Ringfort, Sheean, Co. Westmeath
Co. Westmeath |
Ringforts
At Sheean in County Westmeath, a low tree-lined bank curves across level grassland, the kind of feature that most people would walk past without a second thought.
What it marks, however, is the remnant of an early medieval ringfort, a type of enclosed farmstead typically built between roughly the fifth and twelfth centuries and once numbering in the tens of thousands across Ireland. Most of those that survive do so only partially, and the Sheean example is no exception, its full circuit now reduced to a single visible arc.

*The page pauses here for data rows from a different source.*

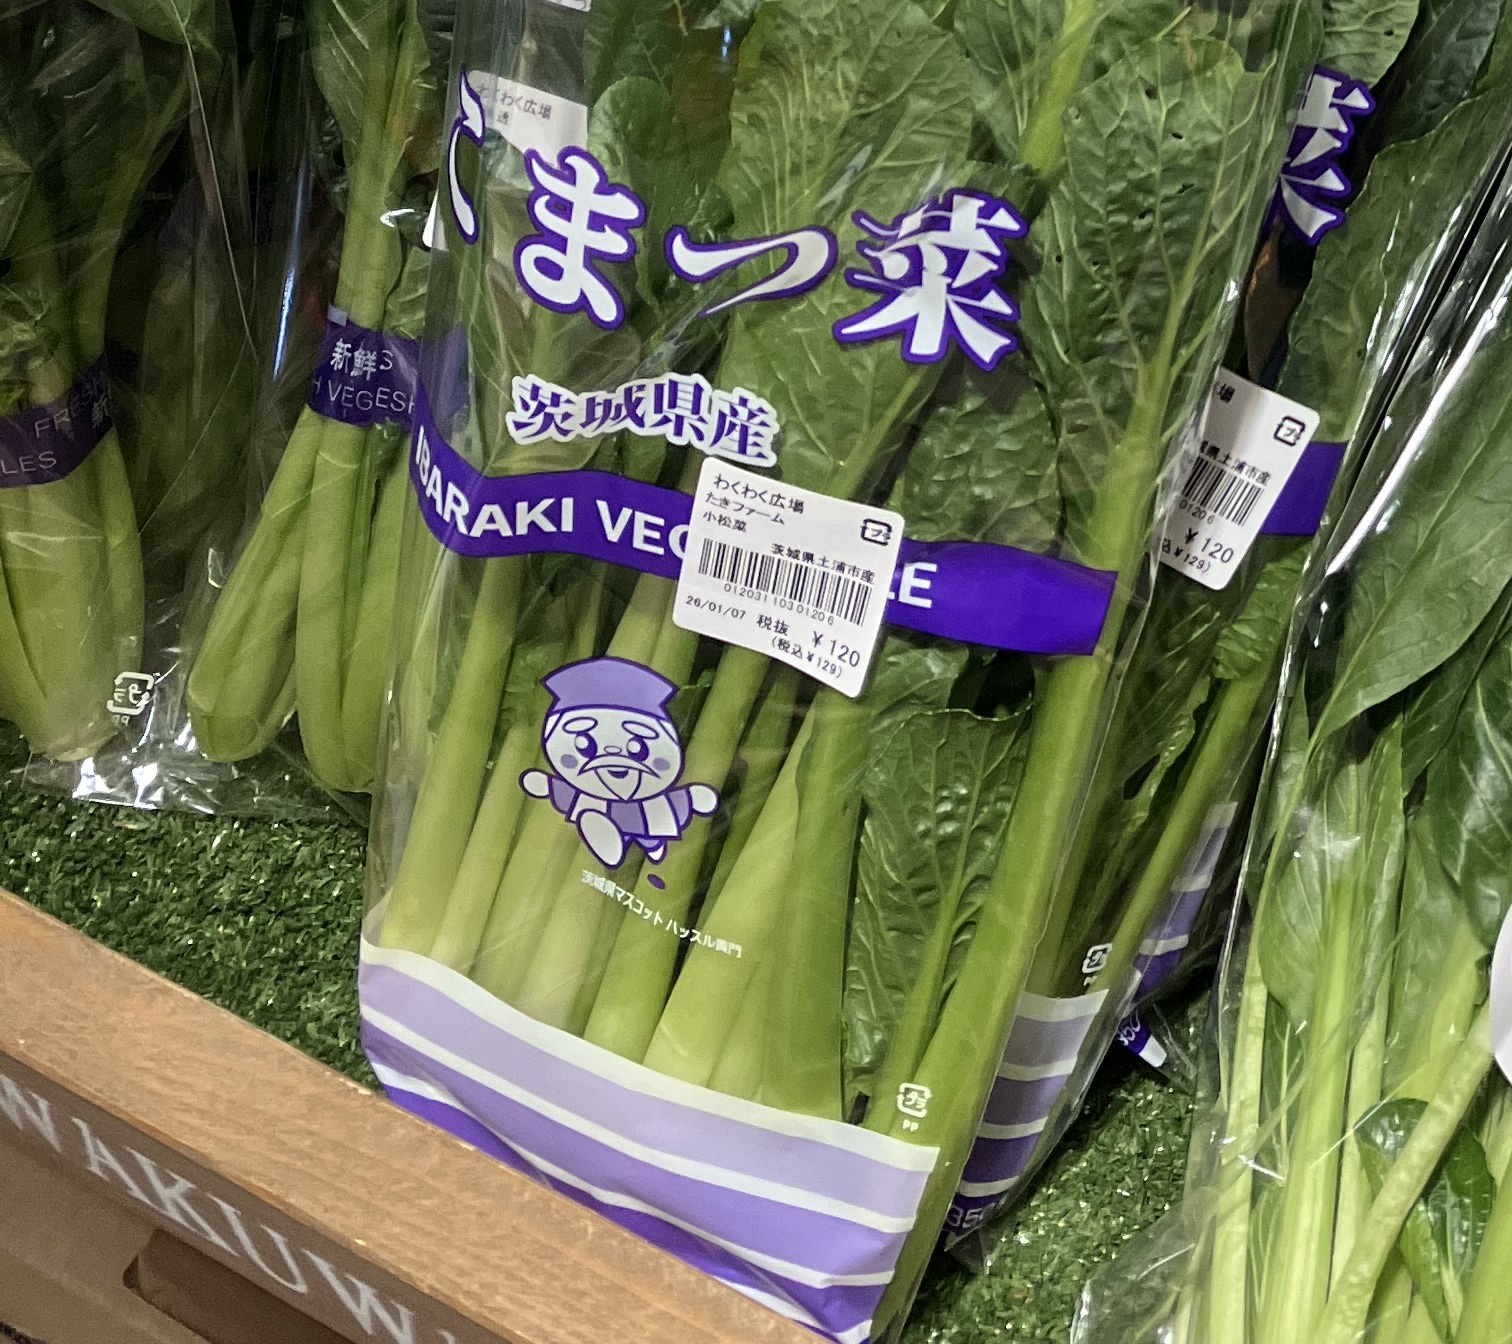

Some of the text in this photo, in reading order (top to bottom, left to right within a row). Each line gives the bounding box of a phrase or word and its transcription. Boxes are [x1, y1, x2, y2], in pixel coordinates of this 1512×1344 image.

[445, 67, 1029, 370] こまつ菜
[511, 373, 778, 467] 茨城県産
[414, 424, 575, 540] IBARAKI
[712, 472, 805, 516] わくわく広場
[702, 510, 748, 534] 小松菜
[704, 491, 786, 526] たきファーム
[770, 542, 876, 586] 茨城県土浦市産
[723, 581, 768, 605] 012031
[684, 594, 747, 620] 26/01/07
[755, 613, 790, 637] 税抜
[771, 636, 843, 679] (税込¥129)
[0, 1073, 464, 1344] WAKUW
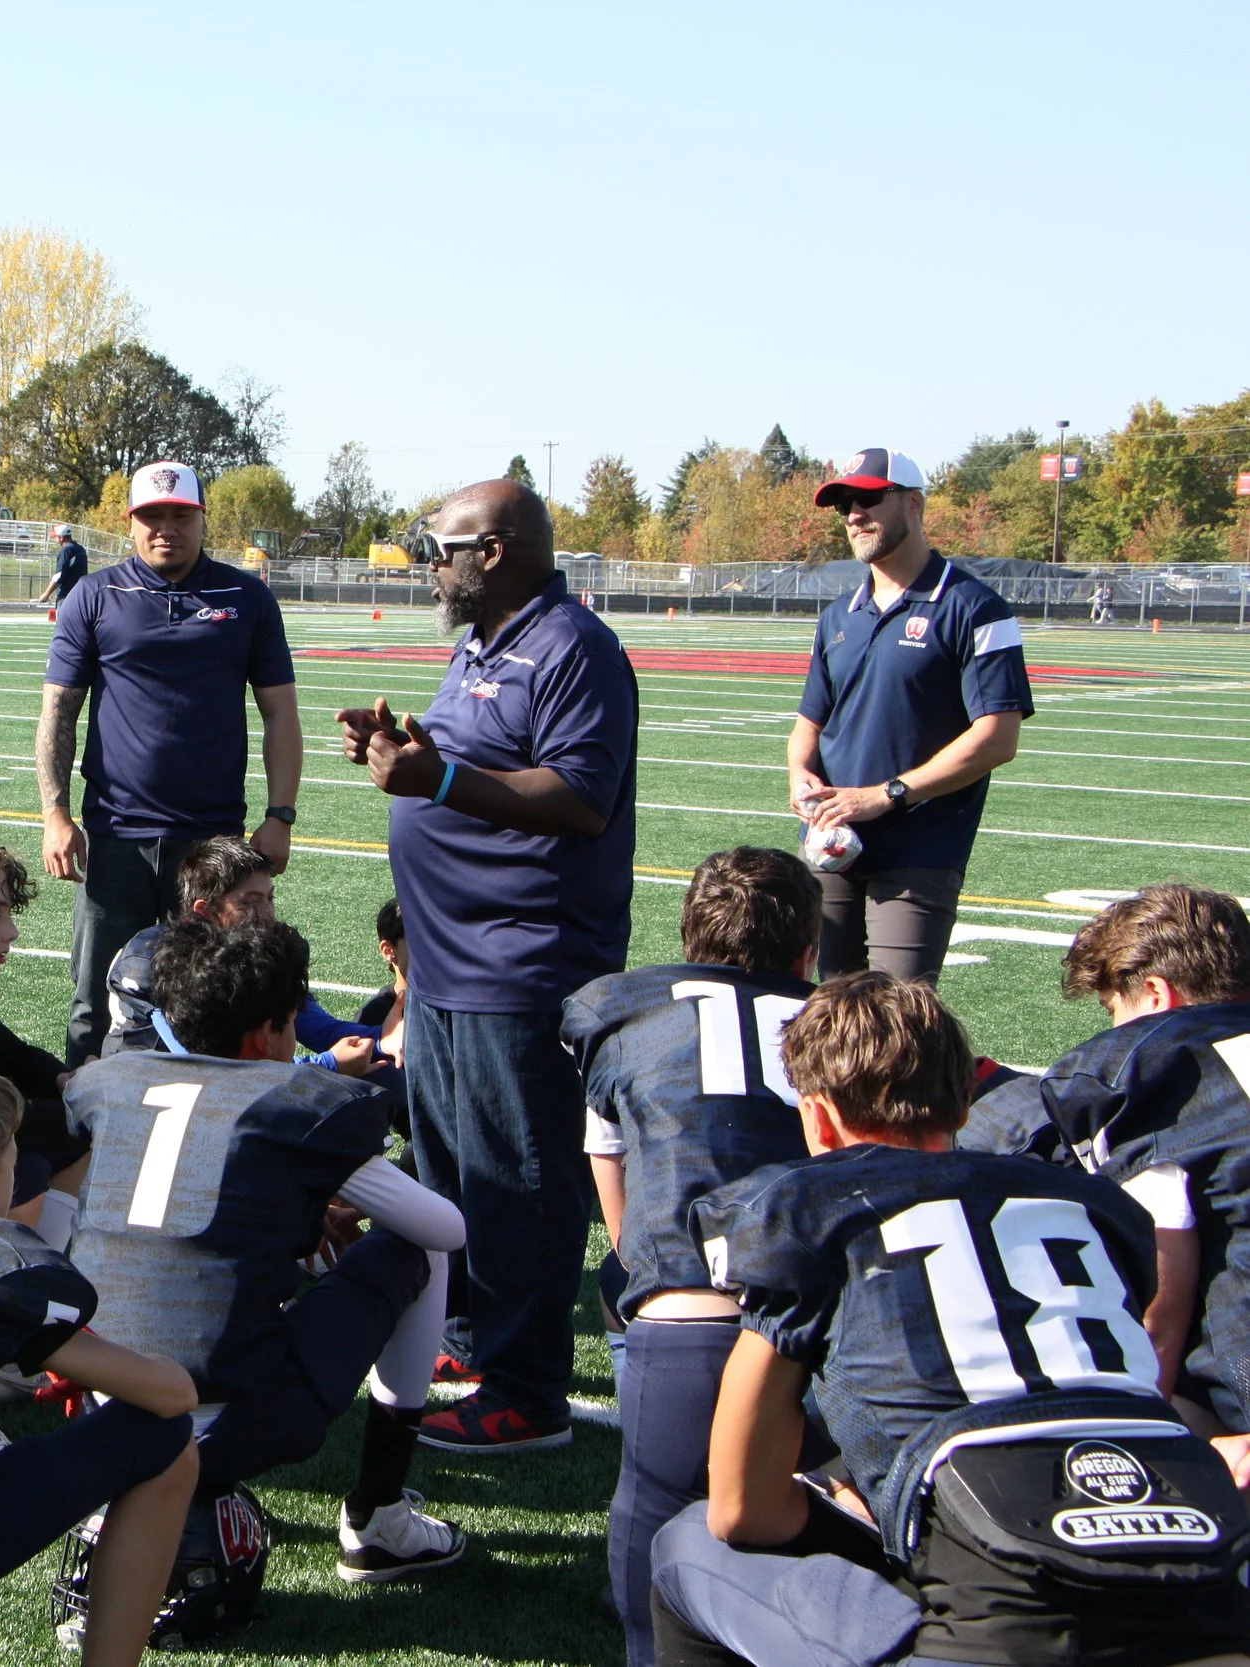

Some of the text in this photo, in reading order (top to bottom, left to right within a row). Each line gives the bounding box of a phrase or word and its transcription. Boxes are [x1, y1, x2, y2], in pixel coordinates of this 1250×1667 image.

[127, 1083, 202, 1228] 1
[880, 1198, 1163, 1404] 18
[1071, 1458, 1138, 1476] OREGON
[1085, 1475, 1138, 1488] ALL STATE
[1101, 1486, 1133, 1497] GAME
[1067, 1514, 1206, 1538] BATTLE
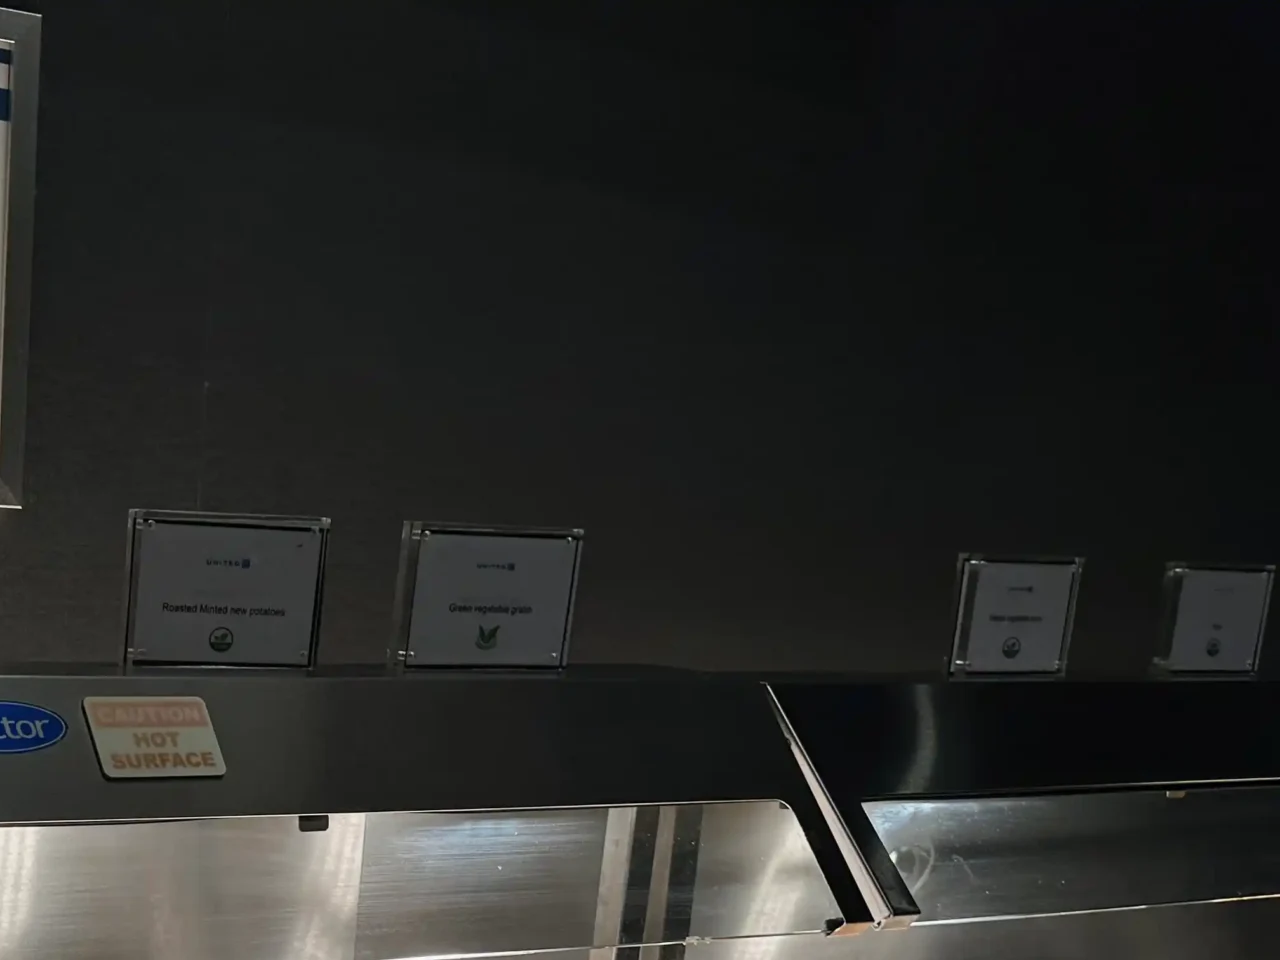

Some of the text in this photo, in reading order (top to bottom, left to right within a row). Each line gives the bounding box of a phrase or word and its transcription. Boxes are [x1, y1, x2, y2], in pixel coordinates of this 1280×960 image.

[162, 602, 285, 617] Roasted Minted new potatoes
[96, 706, 200, 723] CAUTION
[132, 731, 179, 748] HOT
[110, 752, 217, 770] SURFACE
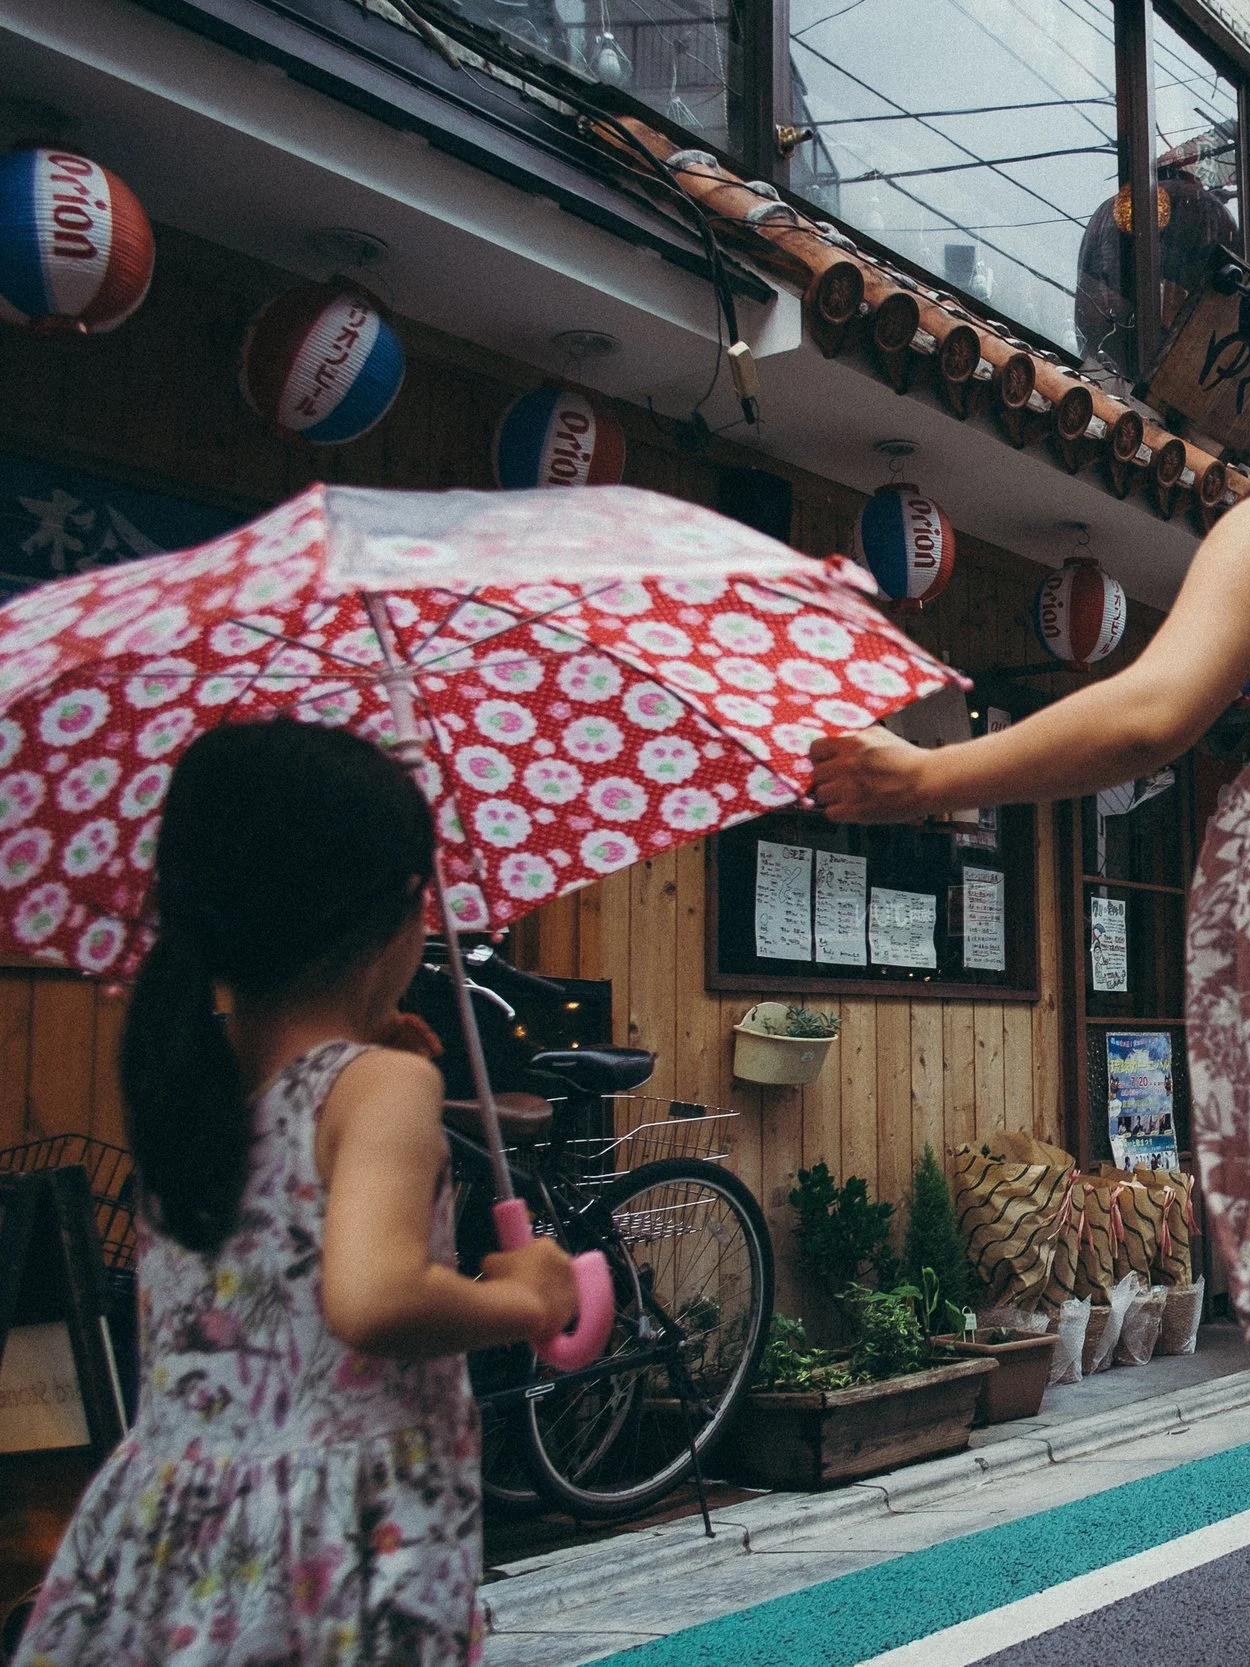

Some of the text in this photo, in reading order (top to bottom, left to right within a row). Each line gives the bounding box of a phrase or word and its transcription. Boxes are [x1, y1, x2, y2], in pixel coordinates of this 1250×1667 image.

The clearest window into the site's earlier condition comes from cartographic evidence. The 1837 Ordnance Survey Fair Plan map depicts it as a polygonal-shaped earthwork annotated as a 'fort', positioned running off the southern end of a house that stood nearby. By the time the revised 1911 edition of the OS 25-inch map was drawn, the record had narrowed: only the western arc of a curving earthwork was shown, still running off the southern end of a building. The shift from a polygonal outline to a partial curve across those seventy-odd years suggests gradual loss, whether through agricultural clearance, building activity, or simple erosion. A Digital Globe aerial photograph taken in November 2011 confirms that this western arc persists, visible as the tree-lined bank that defines the site today.
What a visitor would see on the ground is modest: a gently raised, vegetation-covered bank, its line readable once you know to look for it. The trees growing along it are among the clearest indicators of its presence, since scrub and hedgerow often colonise old earthworks in lowland Westmeath where the underlying bank has survived undisturbed.